Category Archives: geekery

and so Buxtehude

One of the pleasures/trials/challenges of advancing age is the occasional experience of finding oneself faintly ridiculous. Sometimes it’s a consequence of some quest or quixotrie one has embarked upon, some exercise in futility or overweening bumptiousness which has turned out to be vastly more complicated and complex than one initially anticipated. That’s OK, nobody is watching the clock or running a performance review on your ass, or not yet anyway. Today’s case in point reaches back 20 years, or maybe 75 years.

When brother David (16 years older than myself) was dying, he wanted to hear a particular piece by Dietrich Buxtehude (1637-1702) that he had somewhere on 78… a turntable that could handle 78s was quarried and hooked up to bedside amp and speakers, and the 11″ disk was played. David had thousands of records (he was an acoustic engineer, founder of DBX, builder of Earthworks speakers and microphones, audio perfectionist, but not the most orderly of folk), so just finding that one was an adventure in itself.

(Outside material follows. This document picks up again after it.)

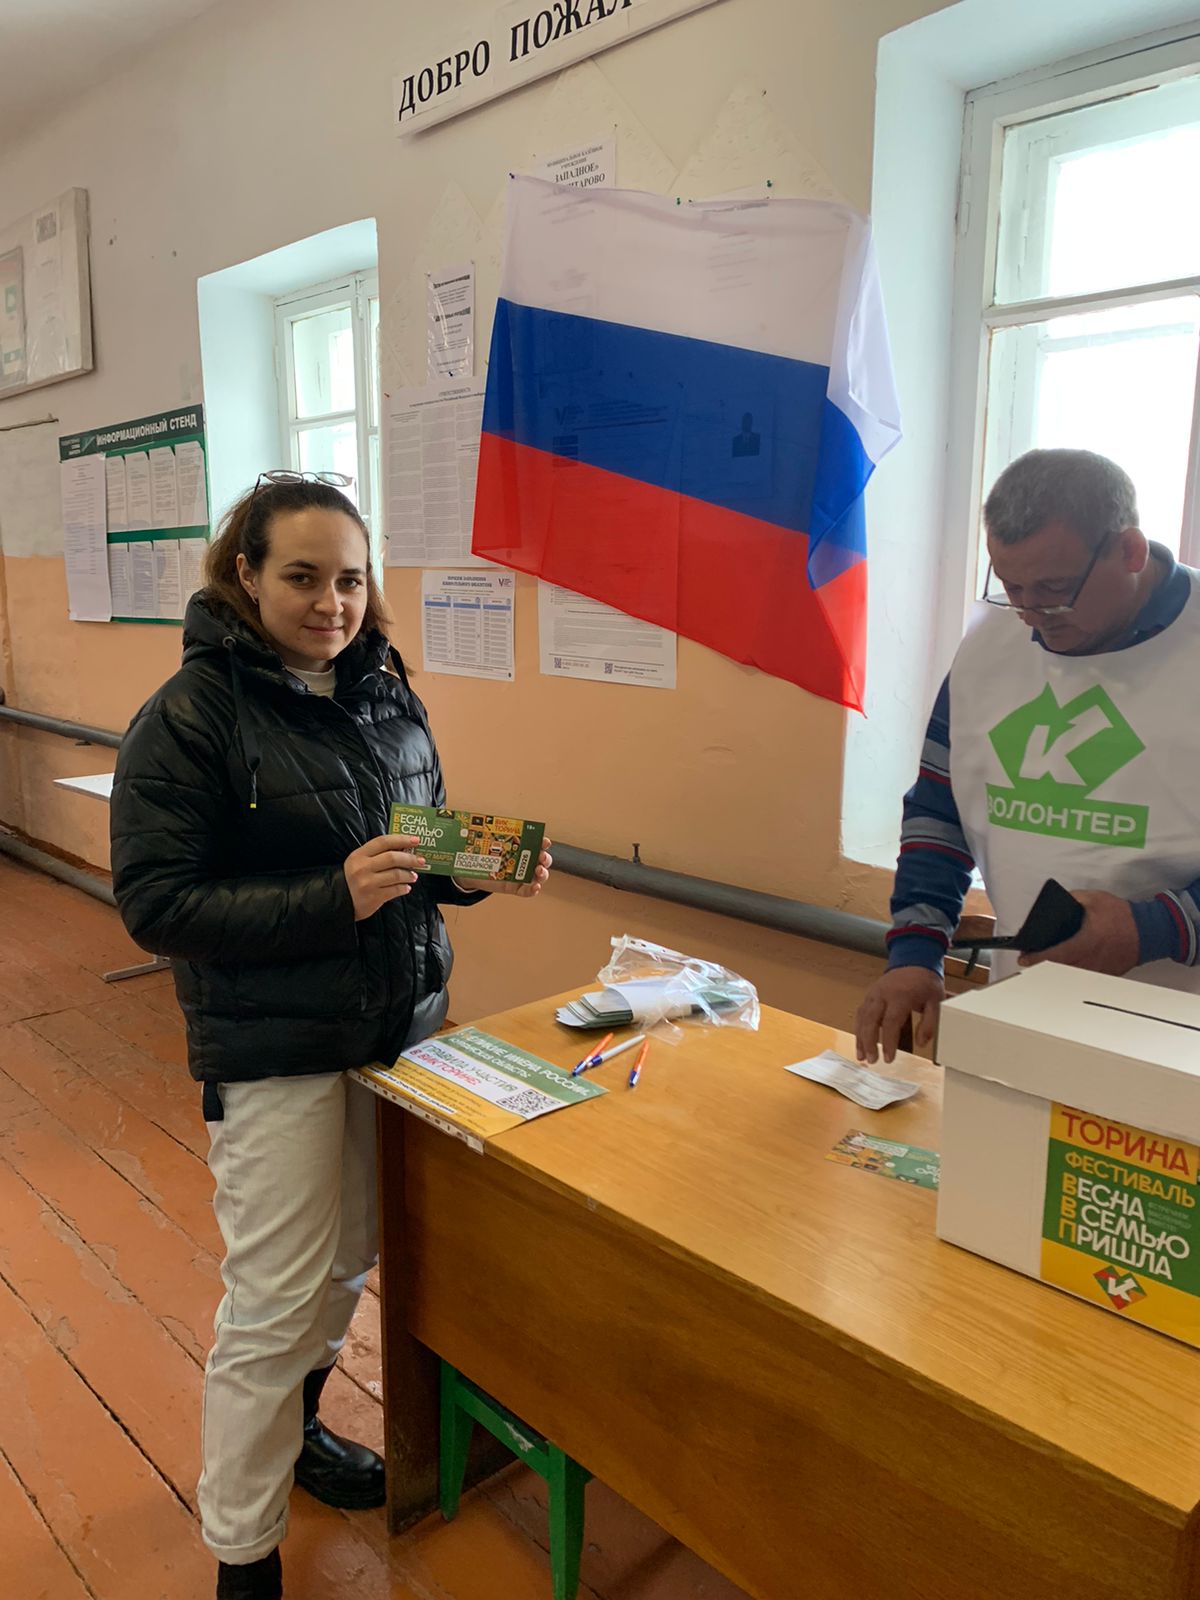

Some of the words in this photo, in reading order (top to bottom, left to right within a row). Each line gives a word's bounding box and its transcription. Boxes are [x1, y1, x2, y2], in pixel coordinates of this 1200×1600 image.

Lately I’ve been curating my own mountain of vinyl and figuring out how to make the collection(s) more accessible. My solution has been to stick numbers on the albums (around 2500) and photograph their covers, then make web pages with pictures of albums belonging to the (very) various categories, so that I can leaf through the visual catalog and find, for example, a particular obscure Persian ney album, or specific gamelan performance, or Bach chorale, or… and put that prize onto a turntable and step back in time to remember former encounters with the music.

And so the barn now has glorious sound capabilities, analog and Bluetooth digital, downstairs in the Museum and the Shop (Cambridge Soundworks speakers) and upstairs in the Auxiliary Library (Earthworks speakers). I’ve been figuring out how to access and move amongst the various media, including cassette tapes, CDs, mp3s, and streaming Bluetooth services, as well as vinyl and shellac. And while I was sorting and cataloging and tagging, I came across that Buxtehude 78. This morning I woke up wondering if I could play the record through the amps and speakers, and sure enough I exhumed that 78-capable turntable (complete with 78-specific stylus) and the record was playable after 20 years of hibernation.

Next question: could I sort out a pathway from the 78 to a digital recording? In effect, an analog to digital conversion, should be easy. And probably is, if you know what you’re doing or are willing to try a lot of solutions that ought to work …play into a CD writer, or make a cassette tape, or perhaps run the signal from the turntable and through a preamp and then somehow pass that through USB to Audacity editing software on the laptop… It all sounds feasible, given the right connectors and the proper curses to make bits of hardware accessible to one another. But for a lot of good reasons it doesn’t quite work as well as it seems that it should… and that’s what I spent most of the day messing with, learning a lot about paths that didn’t connect and might work if I had the right bit of equipment.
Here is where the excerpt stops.